Member of the Illinois Senate from the 1st district
- In office 1973 – 1979
- Preceded by: W. Russell Arrington
- Succeeded by: Roger Keats

Personal details
- Born: January 17, 1931 Evanston, Illinois
- Died: August 6, 2015 (aged 84) Dodgeville, Wisconsin
- Party: Republican
- Spouse: Barbara ​(m. 1953)​
- Alma mater: Princeton University (B.A.) University of Michigan (J.D.)
- Profession: Attorney

Military service
- Allegiance: United States
- Branch/service: United States Navy
- Rank: Lieutenant

= Bradley M. Glass =

American politician (1931–2015)

Bradley McConnell Glass (January 17, 1931 – August 6, 2015) was an American politician in the state of Illinois. He served in the Illinois Senate from 1973 to 1979.

==Early life==
Bradley McConnell Glass was born on January 17, 1931, in Evanston, Illinois.
Glass was a member of the 1950 College Football All-America Team while at Princeton. He was also on the Princeton wrestling team, winning an NCAA heavyweight title in 1951. He is a member of the Eastern Intercollegiate Wrestling Association Hall of Fame. A lawyer, he was an alumnus of Princeton University in 1953 and University of Michigan Law School. After graduating from Princeton, Glass enlisted in the United States Navy and graduated from Officer Candidate School. Glass retired with the rank of Lieutenant. He also served on village and school boards. Bradley served as village attorney for Palatine, Illinois and Northfield, Illinois. During this time, Glass was involved with the Regular Republican Organization in Northfield Township as a precinct captain, area director, and executive board member.

==Political career==
In 1968, Glass was an unsuccessful candidate for the Cook County Circuit Court.

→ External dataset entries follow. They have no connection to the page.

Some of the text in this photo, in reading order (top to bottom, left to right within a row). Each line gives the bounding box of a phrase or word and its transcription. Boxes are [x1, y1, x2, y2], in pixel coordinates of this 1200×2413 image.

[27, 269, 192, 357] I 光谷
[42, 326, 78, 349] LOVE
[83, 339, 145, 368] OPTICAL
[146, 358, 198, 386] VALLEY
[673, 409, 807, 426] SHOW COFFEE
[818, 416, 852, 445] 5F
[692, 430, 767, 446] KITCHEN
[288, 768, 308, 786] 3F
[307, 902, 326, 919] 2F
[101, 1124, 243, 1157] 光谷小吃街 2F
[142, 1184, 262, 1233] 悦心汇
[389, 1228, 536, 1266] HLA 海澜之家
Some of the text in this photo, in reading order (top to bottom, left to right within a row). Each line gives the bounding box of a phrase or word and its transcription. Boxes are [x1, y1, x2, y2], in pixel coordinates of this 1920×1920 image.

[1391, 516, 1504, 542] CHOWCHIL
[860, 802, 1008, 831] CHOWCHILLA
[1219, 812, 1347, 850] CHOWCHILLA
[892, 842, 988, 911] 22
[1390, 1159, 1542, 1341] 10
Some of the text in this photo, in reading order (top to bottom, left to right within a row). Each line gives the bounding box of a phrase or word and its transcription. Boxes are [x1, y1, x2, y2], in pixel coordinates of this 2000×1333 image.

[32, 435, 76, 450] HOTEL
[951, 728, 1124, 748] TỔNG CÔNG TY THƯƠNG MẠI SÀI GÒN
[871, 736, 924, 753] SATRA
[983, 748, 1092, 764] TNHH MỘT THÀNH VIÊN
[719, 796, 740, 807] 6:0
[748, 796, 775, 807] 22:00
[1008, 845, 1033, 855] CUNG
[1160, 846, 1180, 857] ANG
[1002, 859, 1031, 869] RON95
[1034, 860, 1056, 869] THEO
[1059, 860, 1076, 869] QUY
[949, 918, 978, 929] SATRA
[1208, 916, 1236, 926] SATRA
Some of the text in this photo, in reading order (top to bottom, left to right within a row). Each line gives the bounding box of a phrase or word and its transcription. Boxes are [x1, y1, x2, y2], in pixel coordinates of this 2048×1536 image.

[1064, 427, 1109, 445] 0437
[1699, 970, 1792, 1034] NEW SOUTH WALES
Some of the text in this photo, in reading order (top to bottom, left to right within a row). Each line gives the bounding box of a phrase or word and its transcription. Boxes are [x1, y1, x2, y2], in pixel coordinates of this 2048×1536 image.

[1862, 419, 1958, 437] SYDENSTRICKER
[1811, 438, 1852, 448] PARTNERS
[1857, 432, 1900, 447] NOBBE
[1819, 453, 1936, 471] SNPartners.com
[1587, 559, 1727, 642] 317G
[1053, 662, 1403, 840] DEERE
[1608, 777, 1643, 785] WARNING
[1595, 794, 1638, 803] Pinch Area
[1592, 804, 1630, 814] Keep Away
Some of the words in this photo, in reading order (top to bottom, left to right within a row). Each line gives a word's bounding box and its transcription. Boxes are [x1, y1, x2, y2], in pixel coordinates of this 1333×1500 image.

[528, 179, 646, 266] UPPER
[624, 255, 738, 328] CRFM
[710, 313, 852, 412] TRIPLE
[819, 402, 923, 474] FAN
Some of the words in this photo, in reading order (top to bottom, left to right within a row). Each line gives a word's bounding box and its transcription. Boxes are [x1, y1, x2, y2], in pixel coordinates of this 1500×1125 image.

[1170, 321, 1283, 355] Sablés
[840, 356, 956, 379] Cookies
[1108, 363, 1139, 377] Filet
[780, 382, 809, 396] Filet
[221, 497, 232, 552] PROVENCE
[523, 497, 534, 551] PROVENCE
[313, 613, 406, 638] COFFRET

In 1970, Glass was elected to the Illinois House of Representatives. After W. Russell Arrington announced his retirement, Glass announced his intention to succeed Arrington. In the 1972 general election, Glass defeated Democratic candidate and political science professor Ann Matasar to succeed Arrington in the 1st district. In the 1978 Republican primary, Glass ran for the Republican nomination for Illinois Treasurer. James M. Skelton, the county treasurer for Champaign County, defeated Glass in the primary with 52% of the vote. Glass was succeeded by fellow Republican Roger A. Keats in the Illinois Senate.

==Post-political career==
In 1987, Glass and his wife moved to Dodgeville, Wisconsin where he practiced law and was the Dodgeville village attorney. While a Wisconsin resident, Glass served as a member of the Lower Wisconsin State Riverway Board and the Southwestern Wisconsin Regional Planning Commission. He died in Dodgeville, Wisconsin on August 6, 2015, after a long struggle with Alzheimer's disease.